Among HIV-positive subjects, 15.8% were single, 30.6% were monogamous, 14.2% were polygamous, 27.5% were divorced, and 12.0% were widowed. Among HIV-negative subjects, 22.5% were single, 31.8% were monogamous, 22.6% were polygamous, 19.5% were divorced, and 3.7% were widowed. Nearly a quarter of female subjects had 6 or more children and the majority (61.0%) did not use contraception. Almost half of all subjects had no formal education. A quarter of HIV-positive subjects were smokers versus 18.8% of HIV-negative subjects, and approximately 14.6% of HIV-positive subjects used alcohol versus 8.5% of HIV-negative subjects. Approximately a quarter of female subjects were commercial sex workers. When excluding commercial sex workers, 23.6% of all subjects, 13.3% of HIV-positive subjects and 33.5% of HIV-negative subjects used contraception; 14.3% of HIV-positive subjects and 9.8% of HIV-negative subjects were smokers, and 6.3% of HIV-positive subjects and 2.9% of HIV-negative subjects used alcohol.
The median BMI among HIV-positive subjects was 19.5 versus 22.0 among HIV-negative subjects. Approximately 16.5% of HIV-positive subjects were overweight or obese versus 30% of HIV-negative subjects.
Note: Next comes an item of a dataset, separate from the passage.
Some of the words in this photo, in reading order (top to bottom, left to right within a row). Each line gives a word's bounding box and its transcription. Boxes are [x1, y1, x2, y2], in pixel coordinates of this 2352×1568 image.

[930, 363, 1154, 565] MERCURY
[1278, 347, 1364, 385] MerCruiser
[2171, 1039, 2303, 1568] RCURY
Among HIV-positive subjects nearly 40% were underweight versus 17.4% of HIV-negative subjects.
Approximately 60% of all subjects had pre-hypertension. Among HIV-positive individuals, 11.9% had hypertension, of which 8.5% had systolic HTN and 9.0% had diastolic hypertension. Among HIV-negative individuals, 17.6% had hypertension, of which 13.3% had systolic HTN and 11.2% had diastolic hypertension. One quarter of both HIV-positive and HIV-negative individuals with HTN had stage 2 HTN. Among HIV-positive individuals, systolic blood pressure (SBP) ranged from 80–200 and diastolic blood pressure (DBP) ranged from 40–130, versus a SBP range of 90–220 and a DBP range of 40–120 among HIV-negative individuals.
Among HIV-positive subjects, 43.5% had WHO stage 3 or 4 disease, 40.0% had a CD4 count <200/mm3, and 11.0% were on antiretroviral therapy (ART). The odds of receiving ART increased with time (OR 1.89 per year, 95% CI 1.71–2.10; p<0.01).
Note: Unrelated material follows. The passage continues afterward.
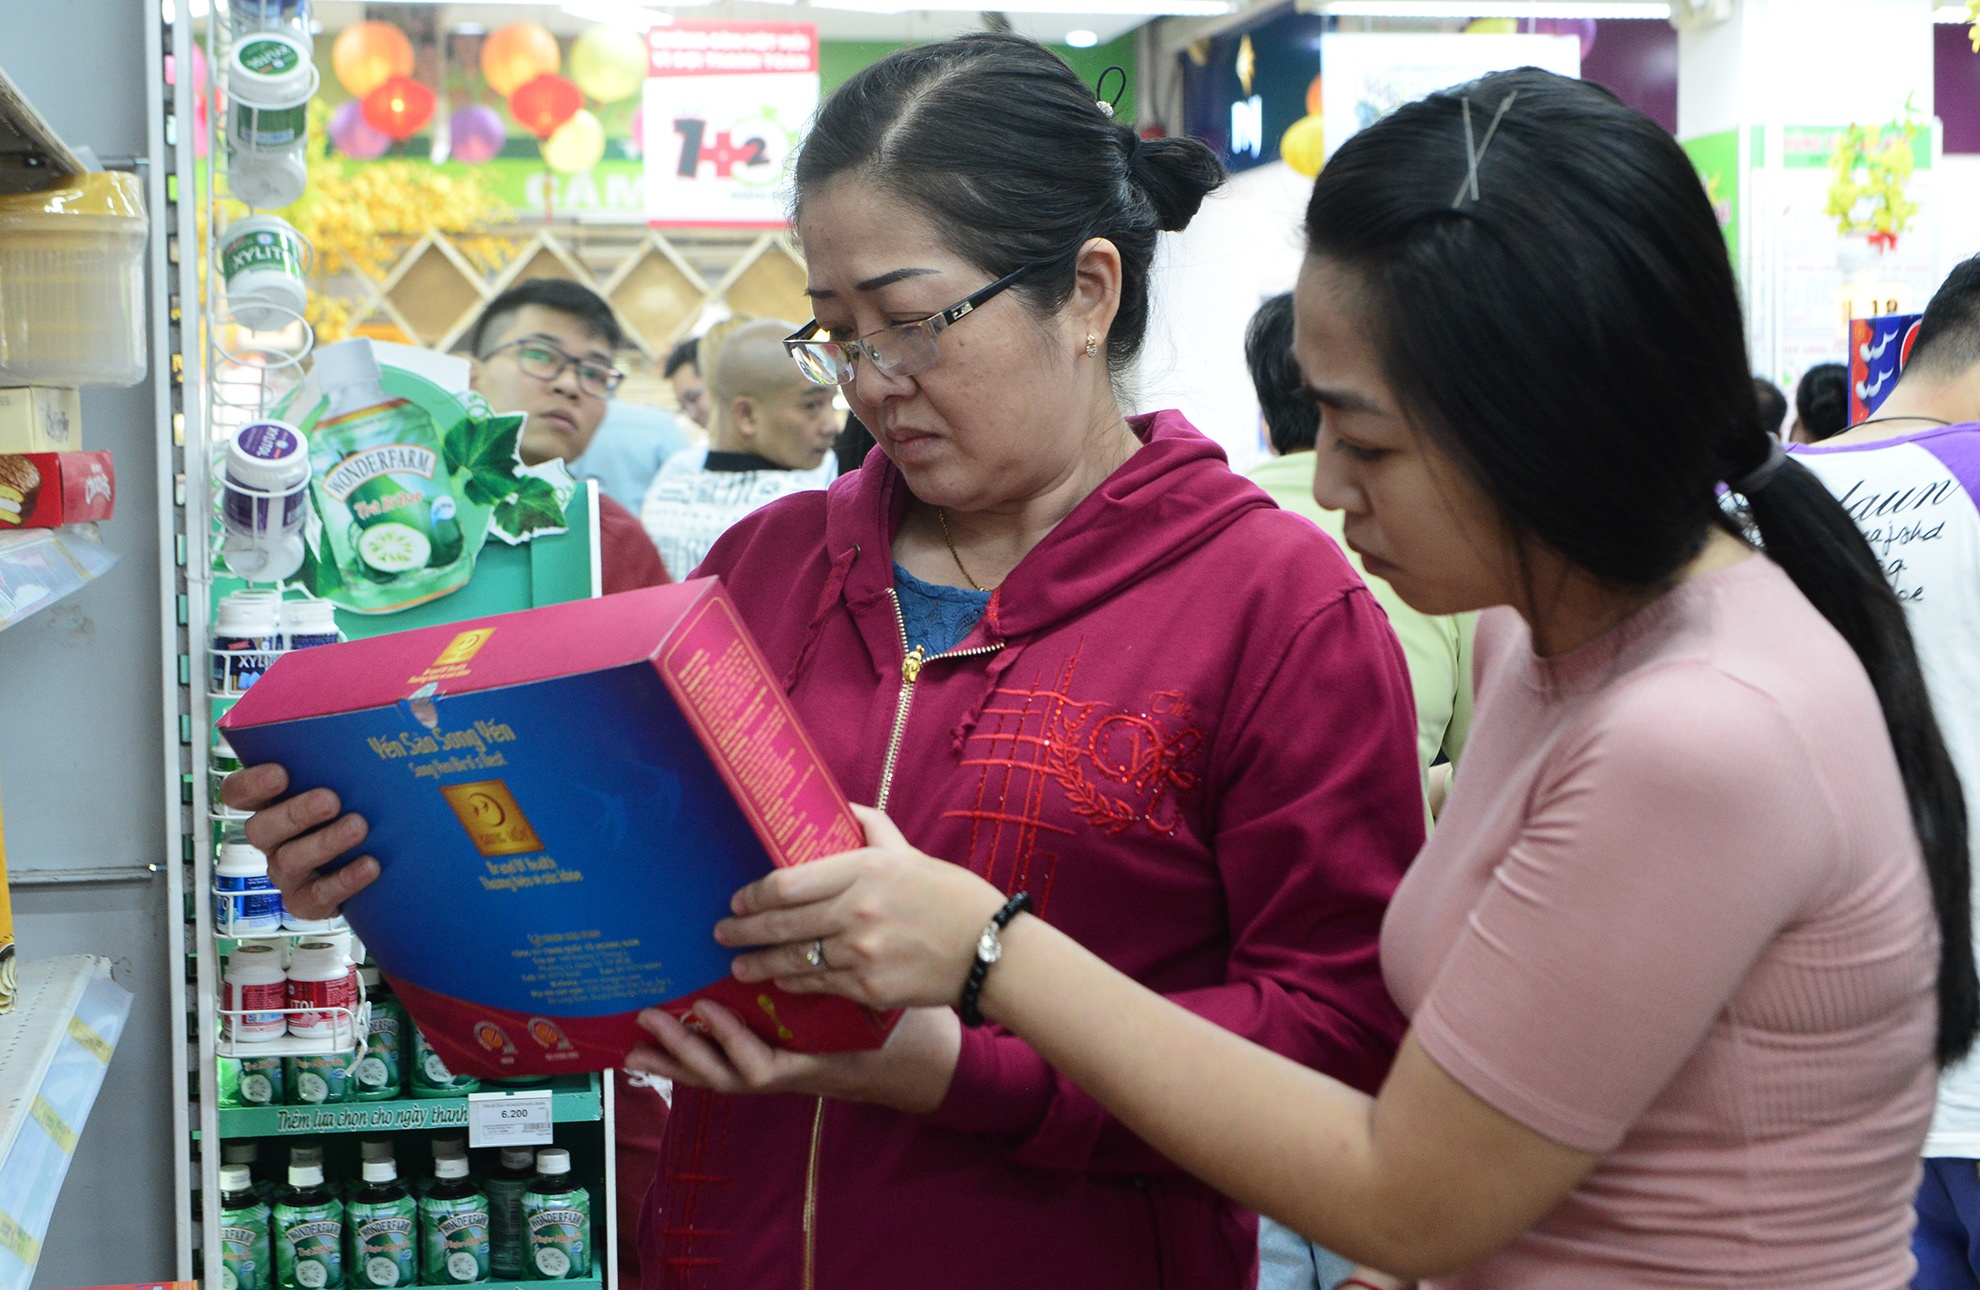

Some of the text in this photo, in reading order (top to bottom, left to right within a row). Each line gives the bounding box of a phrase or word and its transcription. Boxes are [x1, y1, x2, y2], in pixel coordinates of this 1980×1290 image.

Among HIV-positive individuals, the overall prevalence of hypertension increased from 10.7% in 1994–1999, to 22.2% in 2010–2015 (p<0.01) (Fig 1A). Among HIV-negative individuals, the overall prevalence of hypertension increased from 15.6% in 1994–1999, to 32.2% in 2010–2015 (p<0.01). Among both HIV-positive and HIV-negative subjects the prevalence of hypertension increased with age (Fig 1B). Among HIV-positive individuals the prevalence of HTN was 8.9% for those age 18–34, 12.3% for those 35–49, and 20.3% for those ≥50 (p<0.01). For HIV-negative individuals, the prevalence of HTN was 9.9% among those age 18–34, 21.6% for those 35–49, and 41.3% for those ≥50 (p<0.01). The prevalence of hypertension increased with BMI for both HIV-positive and HIV-negative subjects (Fig 1C). Among HIV-positive individuals, the prevalence of HTN was 6.5% for underweight subjects, 12.4% for normal weight subjects, 17.4% for overweight subjects, and 33.8% among obese subjects (p<0.01). Among HIV-negative individuals, the prevalence of hypertension was 9.6% for underweight subjects, 12.2% for normal weight subjects, 26.1% among overweight subjects, and 48.0% among obese subjects (p<0.01).
Fig 1A. X-axis: year category; Fig 1B. X-axis: age category; Fig 1C. X-axis: BMI category. For all figures, Y-axis = prevalence of HTN (SBP ≥140 or DBP ≥90) and striped portions indicate subset with stage 2 HTN (SBP ≥160 or DBP ≥100).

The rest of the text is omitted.